> _Requirement_: All of the entries are to be returned word for word.

◇ ◇ ◇ ◇ ◇ ◇ ◇

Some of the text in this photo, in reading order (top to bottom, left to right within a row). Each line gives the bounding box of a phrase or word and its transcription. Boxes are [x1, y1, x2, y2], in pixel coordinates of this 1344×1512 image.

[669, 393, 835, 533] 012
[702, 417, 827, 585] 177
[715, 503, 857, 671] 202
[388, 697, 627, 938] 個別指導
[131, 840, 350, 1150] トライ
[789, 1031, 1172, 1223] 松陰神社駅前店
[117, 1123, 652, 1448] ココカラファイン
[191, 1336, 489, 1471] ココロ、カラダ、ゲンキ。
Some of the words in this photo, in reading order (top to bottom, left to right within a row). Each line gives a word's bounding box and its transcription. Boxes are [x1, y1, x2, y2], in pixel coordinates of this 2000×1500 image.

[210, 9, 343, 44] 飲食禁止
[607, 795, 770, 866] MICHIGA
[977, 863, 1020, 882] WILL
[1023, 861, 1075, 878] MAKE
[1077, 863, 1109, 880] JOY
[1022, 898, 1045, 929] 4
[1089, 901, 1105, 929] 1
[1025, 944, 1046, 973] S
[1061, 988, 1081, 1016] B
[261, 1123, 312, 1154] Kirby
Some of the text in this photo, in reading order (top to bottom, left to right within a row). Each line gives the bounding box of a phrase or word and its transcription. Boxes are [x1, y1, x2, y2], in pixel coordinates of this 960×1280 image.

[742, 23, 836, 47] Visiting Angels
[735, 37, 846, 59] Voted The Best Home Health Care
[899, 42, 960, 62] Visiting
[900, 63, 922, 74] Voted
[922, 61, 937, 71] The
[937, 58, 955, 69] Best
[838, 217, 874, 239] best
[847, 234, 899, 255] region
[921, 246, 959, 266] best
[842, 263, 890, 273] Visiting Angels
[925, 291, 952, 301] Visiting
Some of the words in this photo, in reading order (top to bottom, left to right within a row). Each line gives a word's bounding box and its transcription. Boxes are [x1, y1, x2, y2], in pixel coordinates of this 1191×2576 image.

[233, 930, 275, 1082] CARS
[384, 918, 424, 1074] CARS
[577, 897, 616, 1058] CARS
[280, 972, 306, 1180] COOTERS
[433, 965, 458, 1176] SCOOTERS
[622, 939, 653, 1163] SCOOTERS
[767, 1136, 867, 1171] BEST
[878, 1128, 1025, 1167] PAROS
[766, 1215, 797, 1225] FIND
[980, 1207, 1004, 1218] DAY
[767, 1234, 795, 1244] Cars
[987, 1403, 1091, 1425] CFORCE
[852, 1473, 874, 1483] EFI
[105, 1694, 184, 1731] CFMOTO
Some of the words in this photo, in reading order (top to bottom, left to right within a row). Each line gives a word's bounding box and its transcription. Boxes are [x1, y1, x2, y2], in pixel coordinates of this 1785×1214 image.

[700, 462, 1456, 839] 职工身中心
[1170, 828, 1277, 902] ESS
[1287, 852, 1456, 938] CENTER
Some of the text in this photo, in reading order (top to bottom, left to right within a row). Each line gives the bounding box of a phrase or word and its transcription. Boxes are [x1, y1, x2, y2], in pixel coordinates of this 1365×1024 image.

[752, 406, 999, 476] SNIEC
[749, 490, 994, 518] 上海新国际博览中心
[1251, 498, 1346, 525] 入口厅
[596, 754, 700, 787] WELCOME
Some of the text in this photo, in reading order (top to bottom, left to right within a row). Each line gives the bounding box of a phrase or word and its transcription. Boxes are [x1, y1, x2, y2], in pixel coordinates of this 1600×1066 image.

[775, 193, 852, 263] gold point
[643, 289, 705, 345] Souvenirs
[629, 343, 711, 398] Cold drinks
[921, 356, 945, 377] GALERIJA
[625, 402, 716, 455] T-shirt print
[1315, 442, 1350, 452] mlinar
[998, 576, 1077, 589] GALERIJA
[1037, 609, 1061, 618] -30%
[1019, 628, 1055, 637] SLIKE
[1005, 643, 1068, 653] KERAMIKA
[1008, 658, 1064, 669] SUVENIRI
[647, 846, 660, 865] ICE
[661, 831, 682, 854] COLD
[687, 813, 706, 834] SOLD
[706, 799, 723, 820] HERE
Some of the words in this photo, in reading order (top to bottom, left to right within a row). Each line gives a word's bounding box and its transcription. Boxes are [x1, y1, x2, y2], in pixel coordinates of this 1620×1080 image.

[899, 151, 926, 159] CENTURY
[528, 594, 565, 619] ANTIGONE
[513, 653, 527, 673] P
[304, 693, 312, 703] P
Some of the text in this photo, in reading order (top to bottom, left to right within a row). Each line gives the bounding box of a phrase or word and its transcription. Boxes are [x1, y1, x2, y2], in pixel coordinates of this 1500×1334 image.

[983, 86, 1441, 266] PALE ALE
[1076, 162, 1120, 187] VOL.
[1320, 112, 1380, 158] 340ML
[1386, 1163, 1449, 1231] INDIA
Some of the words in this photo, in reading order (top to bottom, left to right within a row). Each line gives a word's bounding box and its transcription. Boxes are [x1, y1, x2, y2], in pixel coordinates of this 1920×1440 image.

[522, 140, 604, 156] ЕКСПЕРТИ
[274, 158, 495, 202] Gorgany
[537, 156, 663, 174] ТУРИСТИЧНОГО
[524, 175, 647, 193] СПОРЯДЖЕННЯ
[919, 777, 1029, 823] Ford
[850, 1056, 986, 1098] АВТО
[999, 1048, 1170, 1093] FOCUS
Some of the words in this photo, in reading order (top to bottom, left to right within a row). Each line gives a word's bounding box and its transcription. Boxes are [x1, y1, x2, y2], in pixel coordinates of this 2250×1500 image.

◇ ◇ ◇ ◇ ◇ ◇ ◇

> _Solved exercise_:
Some of the text in this photo, in reading order (top to bottom, left to right within a row). Each line gives the bounding box of a phrase or word and its transcription. Boxes are [x1, y1, x2, y2], in pixel coordinates of this 1344×1512 image.

[669, 393, 835, 533] 012
[702, 417, 827, 585] 177
[715, 503, 857, 671] 202
[388, 697, 627, 938] 個別指導
[131, 840, 350, 1150] トライ
[789, 1031, 1172, 1223] 松陰神社駅前店
[117, 1123, 652, 1448] ココカラファイン
[191, 1336, 489, 1471] ココロ、カラダ、ゲンキ。
Some of the words in this photo, in reading order (top to bottom, left to right within a row). Each line gives a word's bounding box and its transcription. Boxes are [x1, y1, x2, y2], in pixel coordinates of this 2000×1500 image.

[210, 9, 343, 44] 飲食禁止
[607, 795, 770, 866] MICHIGA
[977, 863, 1020, 882] WILL
[1023, 861, 1075, 878] MAKE
[1077, 863, 1109, 880] JOY
[1022, 898, 1045, 929] 4
[1089, 901, 1105, 929] 1
[1025, 944, 1046, 973] S
[1061, 988, 1081, 1016] B
[261, 1123, 312, 1154] Kirby
Some of the text in this photo, in reading order (top to bottom, left to right within a row). Each line gives the bounding box of a phrase or word and its transcription. Boxes are [x1, y1, x2, y2], in pixel coordinates of this 960×1280 image.

[742, 23, 836, 47] Visiting Angels
[735, 37, 846, 59] Voted The Best Home Health Care
[899, 42, 960, 62] Visiting
[900, 63, 922, 74] Voted
[922, 61, 937, 71] The
[937, 58, 955, 69] Best
[838, 217, 874, 239] best
[847, 234, 899, 255] region
[921, 246, 959, 266] best
[842, 263, 890, 273] Visiting Angels
[925, 291, 952, 301] Visiting
Some of the words in this photo, in reading order (top to bottom, left to right within a row). Each line gives a word's bounding box and its transcription. Boxes are [x1, y1, x2, y2], in pixel coordinates of this 1191×2576 image.

[233, 930, 275, 1082] CARS
[384, 918, 424, 1074] CARS
[577, 897, 616, 1058] CARS
[280, 972, 306, 1180] COOTERS
[433, 965, 458, 1176] SCOOTERS
[622, 939, 653, 1163] SCOOTERS
[767, 1136, 867, 1171] BEST
[878, 1128, 1025, 1167] PAROS
[766, 1215, 797, 1225] FIND
[980, 1207, 1004, 1218] DAY
[767, 1234, 795, 1244] Cars
[987, 1403, 1091, 1425] CFORCE
[852, 1473, 874, 1483] EFI
[105, 1694, 184, 1731] CFMOTO
Some of the words in this photo, in reading order (top to bottom, left to right within a row). Each line gives a word's bounding box and its transcription. Boxes are [x1, y1, x2, y2], in pixel coordinates of this 1785×1214 image.

[700, 462, 1456, 839] 职工身中心
[1170, 828, 1277, 902] ESS
[1287, 852, 1456, 938] CENTER
Some of the text in this photo, in reading order (top to bottom, left to right within a row). Each line gives the bounding box of a phrase or word and its transcription. Boxes are [x1, y1, x2, y2], in pixel coordinates of this 1365×1024 image.

[752, 406, 999, 476] SNIEC
[749, 490, 994, 518] 上海新国际博览中心
[1251, 498, 1346, 525] 入口厅
[596, 754, 700, 787] WELCOME
Some of the text in this photo, in reading order (top to bottom, left to right within a row). Each line gives the bounding box of a phrase or word and its transcription. Boxes are [x1, y1, x2, y2], in pixel coordinates of this 1600×1066 image.

[775, 193, 852, 263] gold point
[643, 289, 705, 345] Souvenirs
[629, 343, 711, 398] Cold drinks
[921, 356, 945, 377] GALERIJA
[625, 402, 716, 455] T-shirt print
[1315, 442, 1350, 452] mlinar
[998, 576, 1077, 589] GALERIJA
[1037, 609, 1061, 618] -30%
[1019, 628, 1055, 637] SLIKE
[1005, 643, 1068, 653] KERAMIKA
[1008, 658, 1064, 669] SUVENIRI
[647, 846, 660, 865] ICE
[661, 831, 682, 854] COLD
[687, 813, 706, 834] SOLD
[706, 799, 723, 820] HERE
Some of the words in this photo, in reading order (top to bottom, left to right within a row). Each line gives a word's bounding box and its transcription. Boxes are [x1, y1, x2, y2], in pixel coordinates of this 1620×1080 image.

[899, 151, 926, 159] CENTURY
[528, 594, 565, 619] ANTIGONE
[513, 653, 527, 673] P
[304, 693, 312, 703] P
Some of the text in this photo, in reading order (top to bottom, left to right within a row). Each line gives the bounding box of a phrase or word and its transcription. Boxes are [x1, y1, x2, y2], in pixel coordinates of this 1500×1334 image.

[983, 86, 1441, 266] PALE ALE
[1076, 162, 1120, 187] VOL.
[1320, 112, 1380, 158] 340ML
[1386, 1163, 1449, 1231] INDIA
Some of the words in this photo, in reading order (top to bottom, left to right within a row). Each line gives a word's bounding box and its transcription. Boxes are [x1, y1, x2, y2], in pixel coordinates of this 1920×1440 image.

[522, 140, 604, 156] ЕКСПЕРТИ
[274, 158, 495, 202] Gorgany
[537, 156, 663, 174] ТУРИСТИЧНОГО
[524, 175, 647, 193] СПОРЯДЖЕННЯ
[919, 777, 1029, 823] Ford
[850, 1056, 986, 1098] АВТО
[999, 1048, 1170, 1093] FOCUS
Some of the words in this photo, in reading order (top to bottom, left to right within a row). Each line gives a word's bounding box and its transcription. Boxes are [x1, y1, x2, y2], in pixel coordinates of this 2250×1500 image.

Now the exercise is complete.